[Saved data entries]
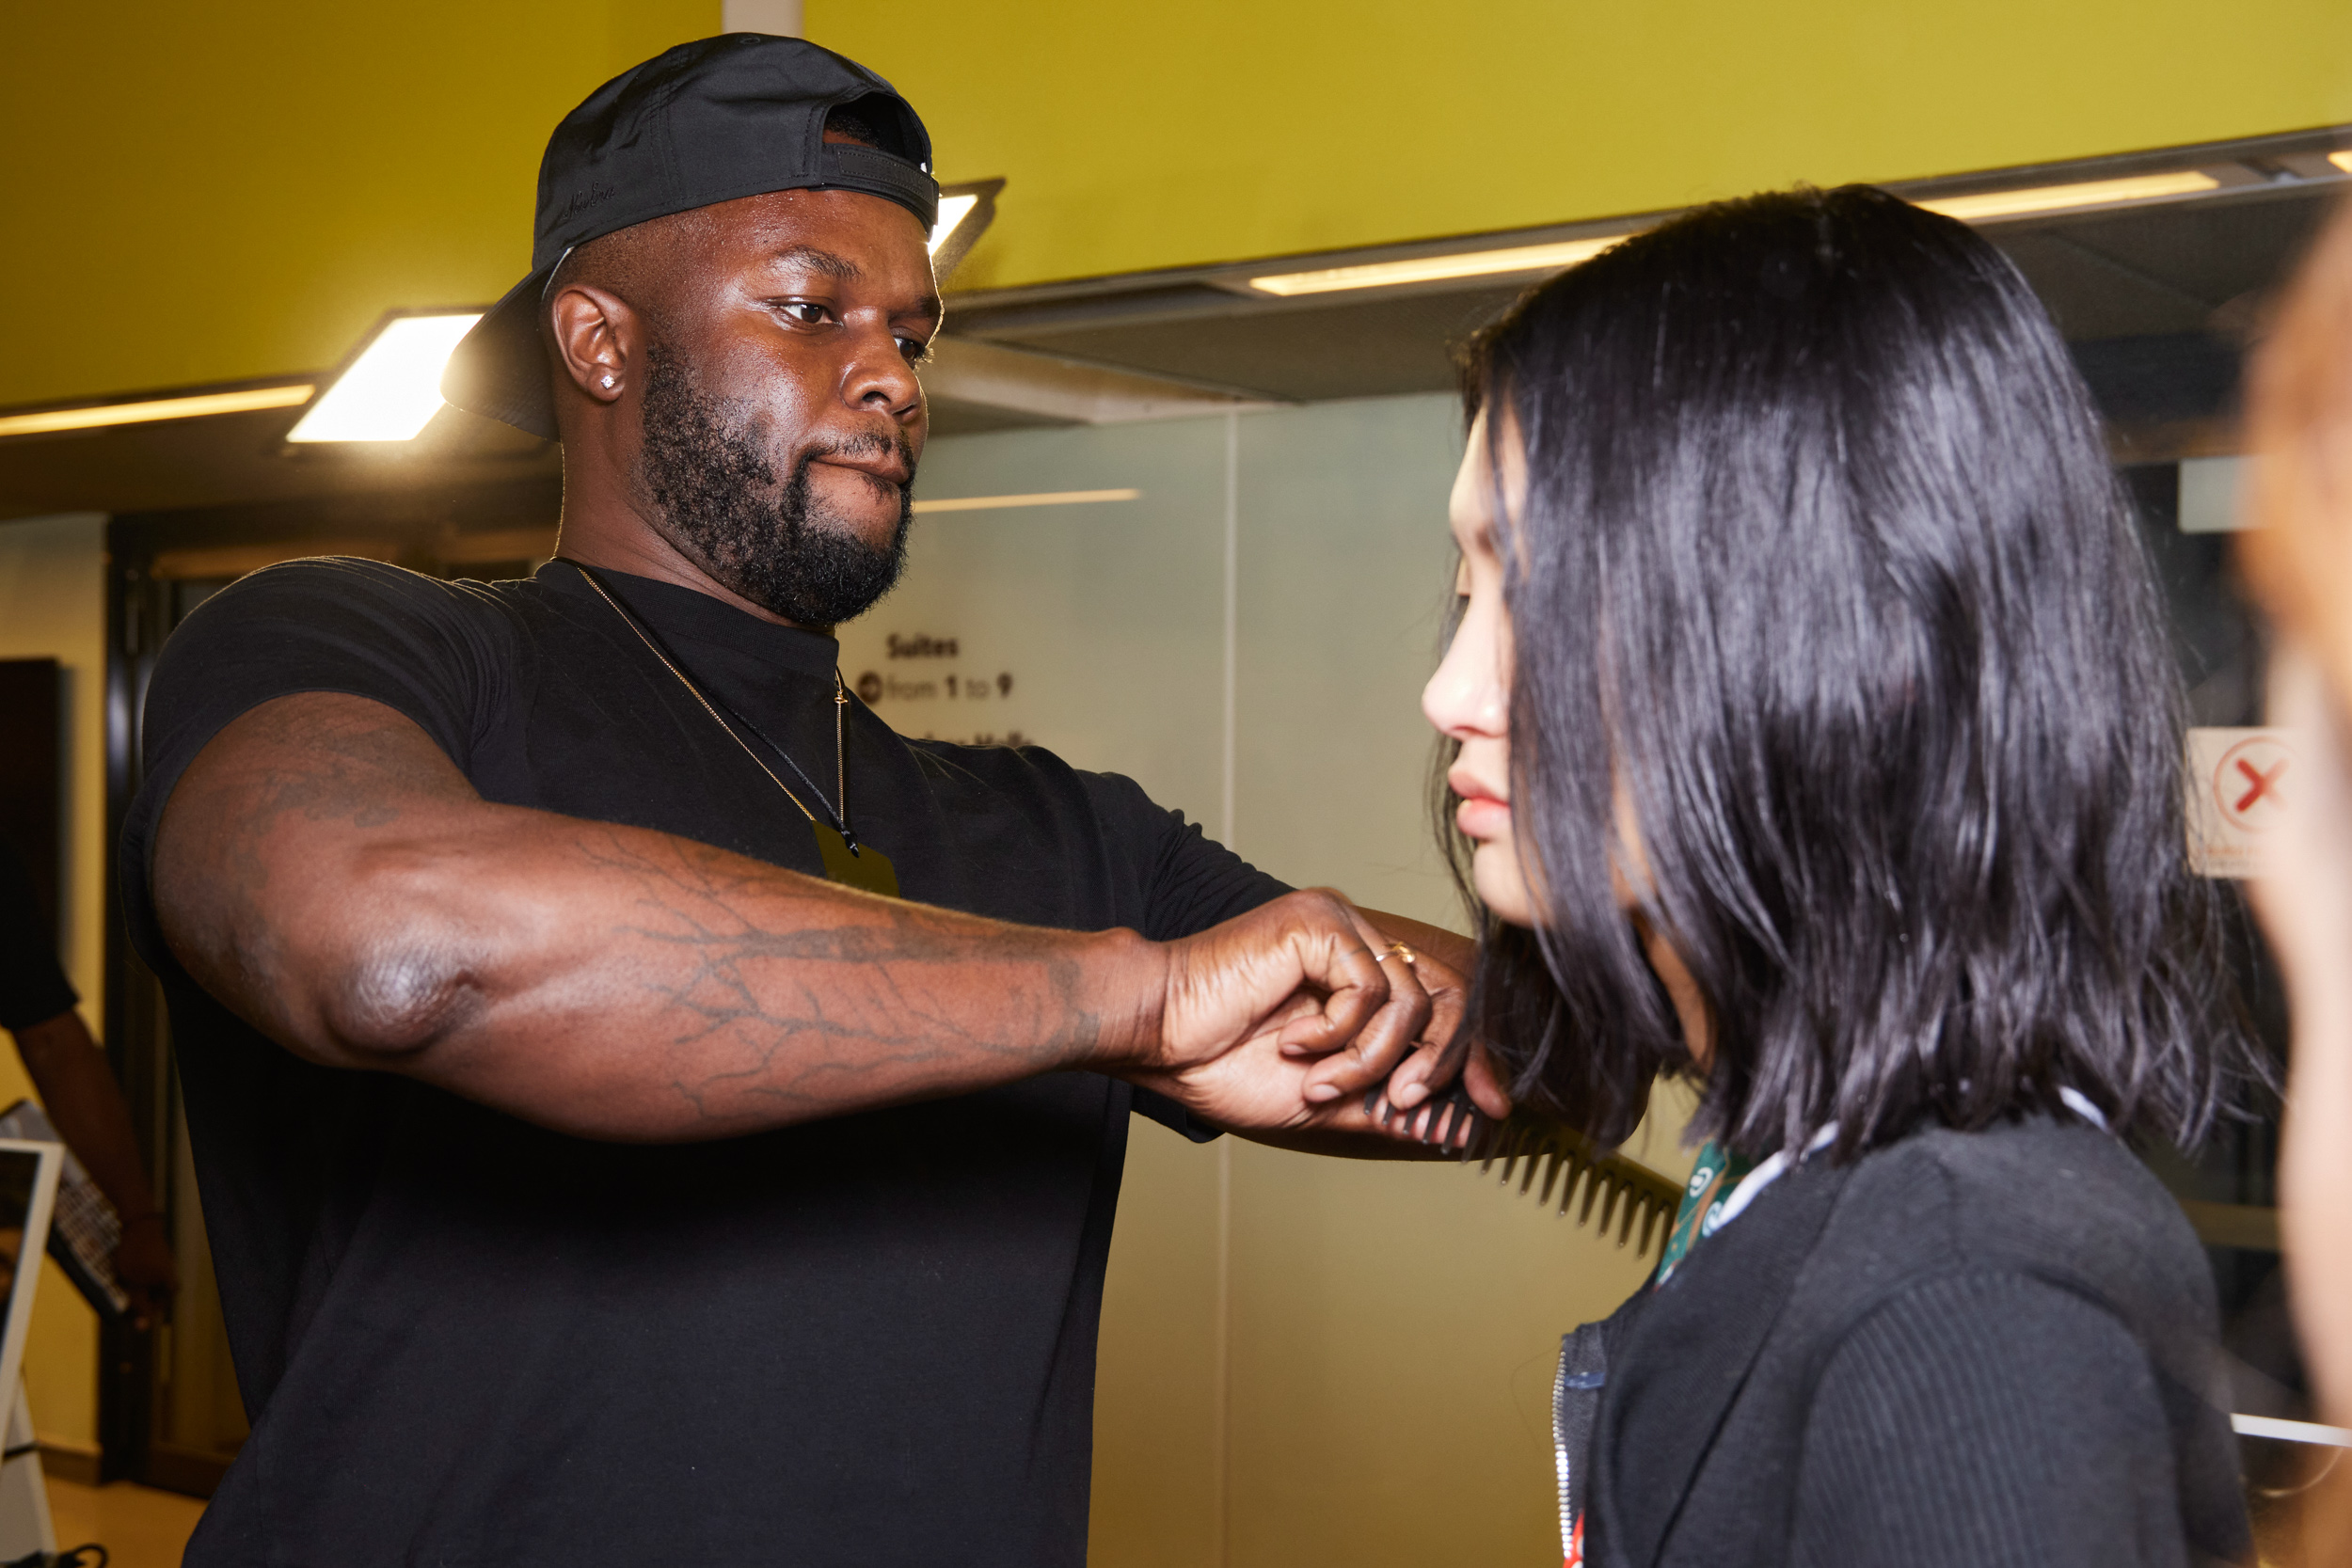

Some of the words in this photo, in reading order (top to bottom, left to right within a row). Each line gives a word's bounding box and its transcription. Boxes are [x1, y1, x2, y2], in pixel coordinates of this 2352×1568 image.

[887, 634, 959, 659] Suites
[885, 673, 937, 699] from
[946, 673, 958, 698] 1
[965, 676, 990, 699] to
[996, 672, 1014, 698] 9
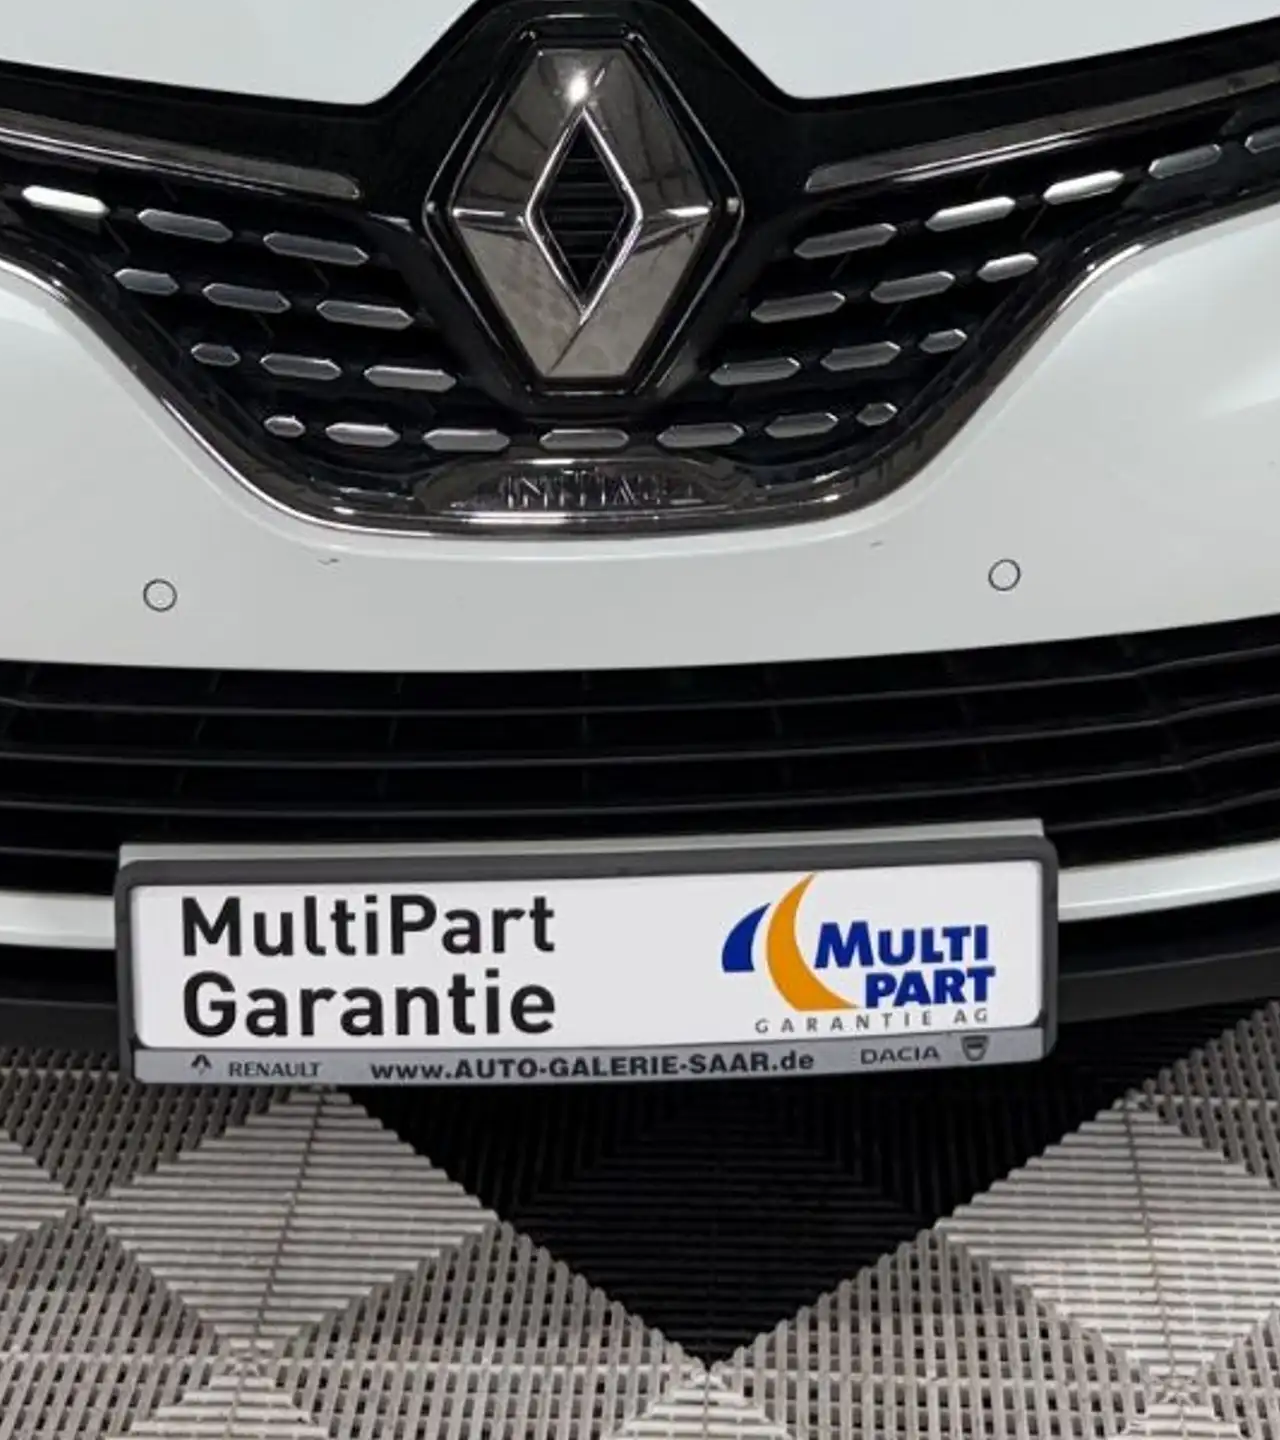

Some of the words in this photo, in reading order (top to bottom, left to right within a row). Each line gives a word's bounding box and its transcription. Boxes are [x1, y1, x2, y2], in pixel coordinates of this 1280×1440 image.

[182, 894, 555, 958] MultiPart
[815, 921, 989, 969] MULTI
[183, 967, 555, 1037] Garantie
[865, 966, 996, 1008] PART
[755, 1010, 933, 1034] GARANTIE
[953, 1008, 989, 1024] AG
[228, 1060, 320, 1077] RENAULT
[370, 1050, 815, 1079] www.AUTO-GALERIE-SAAR.de
[860, 1046, 941, 1066] DACIA

Goal of the exercise ▸ Your task is a word-for-word transcription of the entries, leaving out all pictures.

Task result ▸
Some of the words in this photo, in reading order (top to bottom, left to right within a row). Each line gives a word's bounding box and its transcription. Boxes are [x1, y1, x2, y2], in pixel coordinates of this 2352×1568 image.

[887, 634, 959, 659] Suites
[885, 673, 937, 699] from
[946, 673, 958, 698] 1
[965, 676, 990, 699] to
[996, 672, 1014, 698] 9

Some of the words in this photo, in reading order (top to bottom, left to right within a row). Each line gives a word's bounding box and its transcription. Boxes are [x1, y1, x2, y2], in pixel coordinates of this 1280×1440 image.

[182, 894, 555, 958] MultiPart
[815, 921, 989, 969] MULTI
[183, 967, 555, 1037] Garantie
[865, 966, 996, 1008] PART
[755, 1010, 933, 1034] GARANTIE
[953, 1008, 989, 1024] AG
[228, 1060, 320, 1077] RENAULT
[370, 1050, 815, 1079] www.AUTO-GALERIE-SAAR.de
[860, 1046, 941, 1066] DACIA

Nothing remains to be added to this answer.